The kidney accumulation potentials of nanocapsules are influenced by the polymer composition rather than size or surface charge

Due to their exceptional kidney accumulation, carriers Z20 and Z40 were selected for further investigation in kidney-targeted protein delivery. Initially, we replaced SA in the nanocapsules with bovine serum albumin (BSA) to synthesize BSA nanocapsules (nBSA) using comparable protocols and feed monomer ratio (Fig. 5a). Subsequently, the nBSAs were labeled with Alexa Fluor 647 (AF647) for fluorescent imaging. The MALDI-TOF results revealed that one BSA protein was modified with an average of 4.28 EITC and 1.00 AF647 dye (Supplementary Fig. 8a–c).

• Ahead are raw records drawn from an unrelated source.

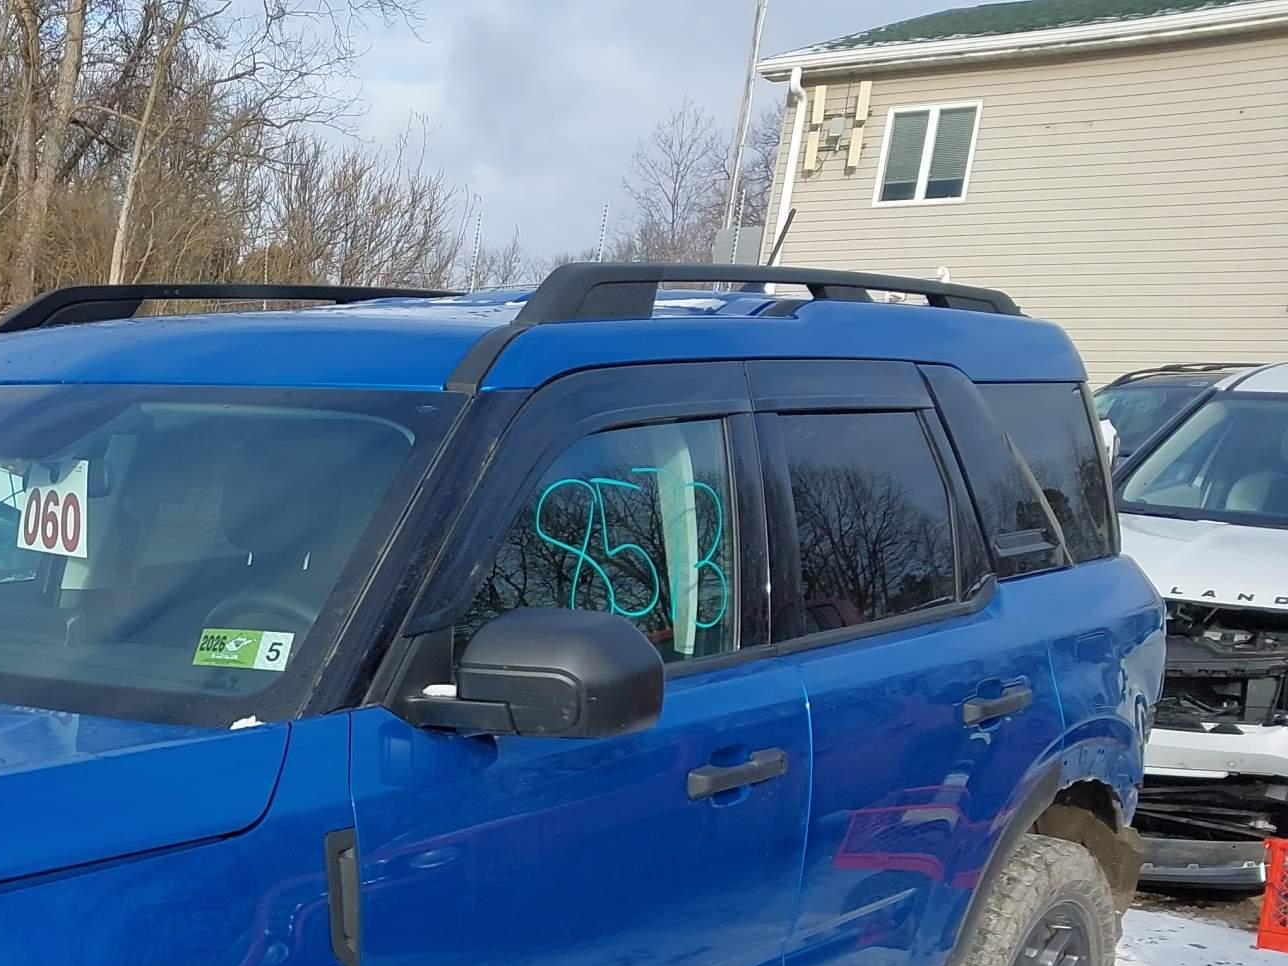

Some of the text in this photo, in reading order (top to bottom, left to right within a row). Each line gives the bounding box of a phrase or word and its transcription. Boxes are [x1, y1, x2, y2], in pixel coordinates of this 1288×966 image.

[23, 487, 81, 553] 060
[199, 634, 284, 662] 2026 5
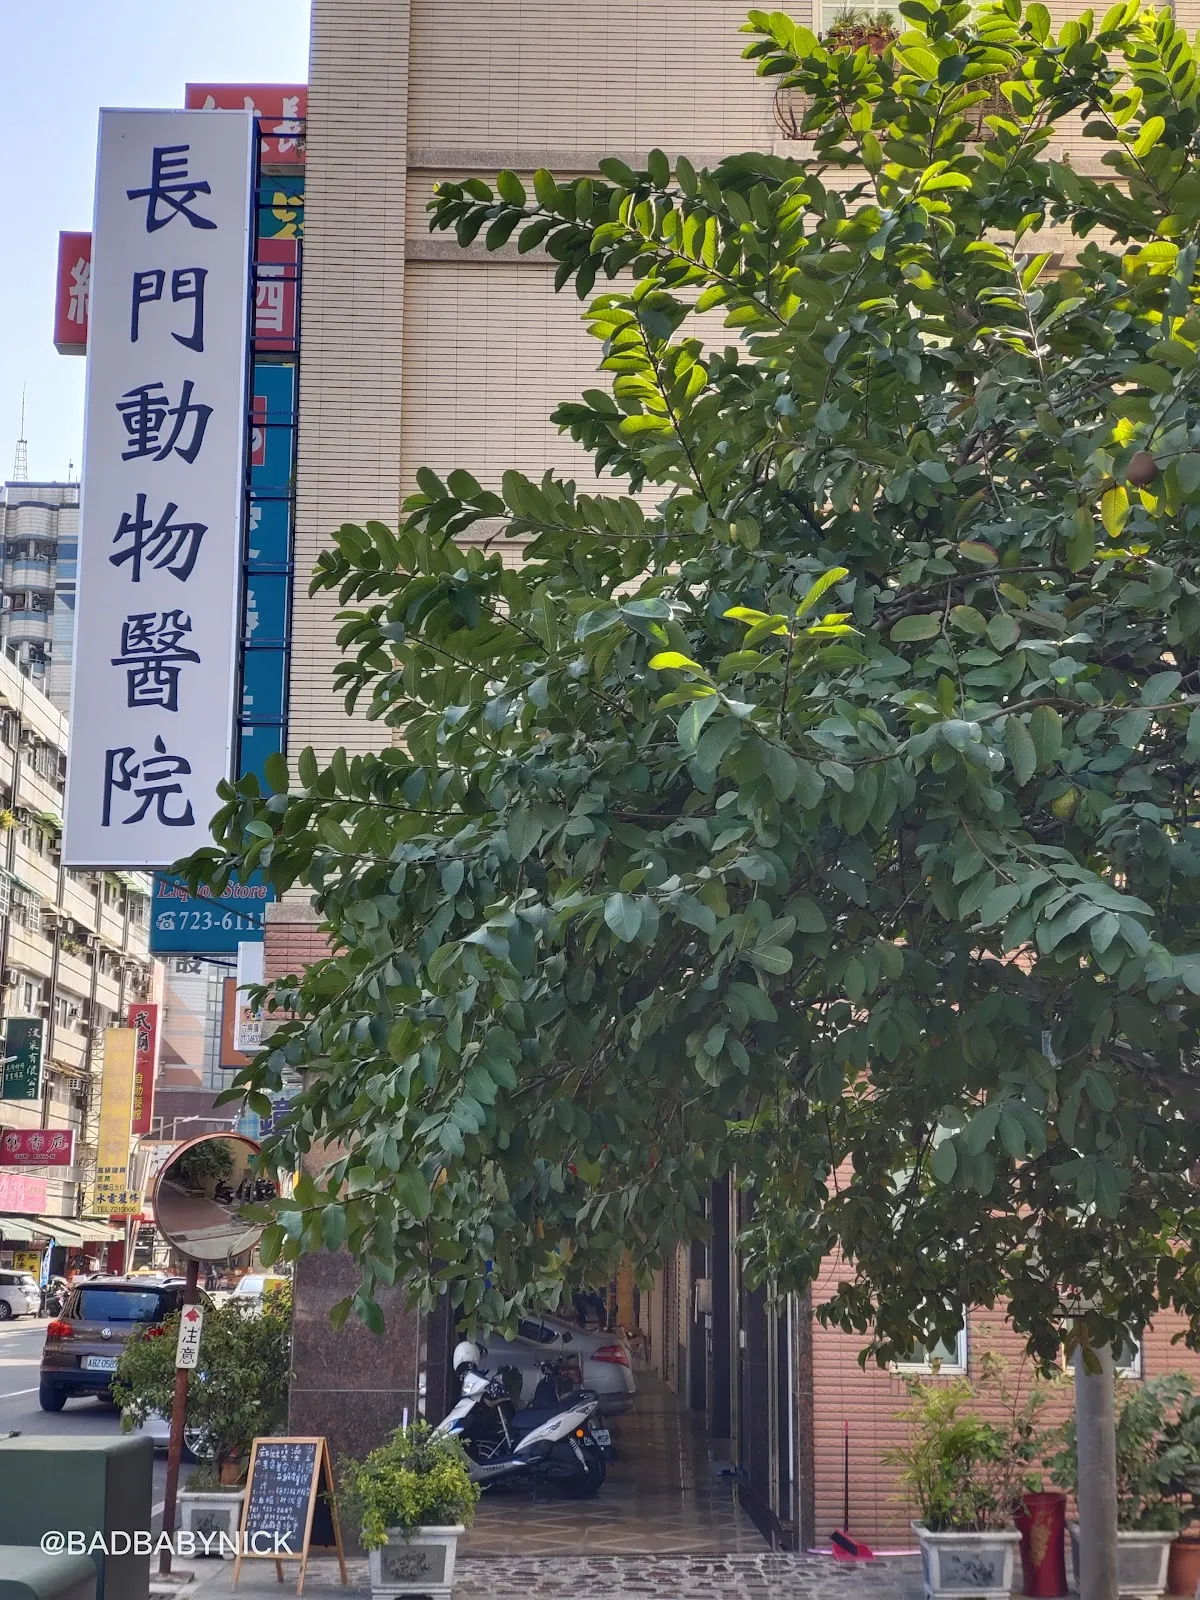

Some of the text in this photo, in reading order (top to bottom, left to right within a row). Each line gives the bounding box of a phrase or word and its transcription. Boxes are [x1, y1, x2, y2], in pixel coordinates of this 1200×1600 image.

[101, 144, 218, 827] 長門動物醫院
[220, 880, 268, 899] Store
[96, 1192, 140, 1205] 水電裝修
[179, 1326, 200, 1365] 注意

The kidney distribution patterns of nBSA-Z20 and nBSA-Z40 closely resembled those of nSA-Z20 and nSA-Z40 (Fig. 5b), suggesting the nanocarrier identified from the nSA libraries could be readily applied for the delivery of other proteins.

Fig. 5: The kidney accumulation potentials of nBSA-Z20, nBSA-Z40, and other selected nanocapsules.
Fig. 5: The kidney accumulation potentials of nBSA-Z20, nBSA-Z40, and other selected nanocapsules.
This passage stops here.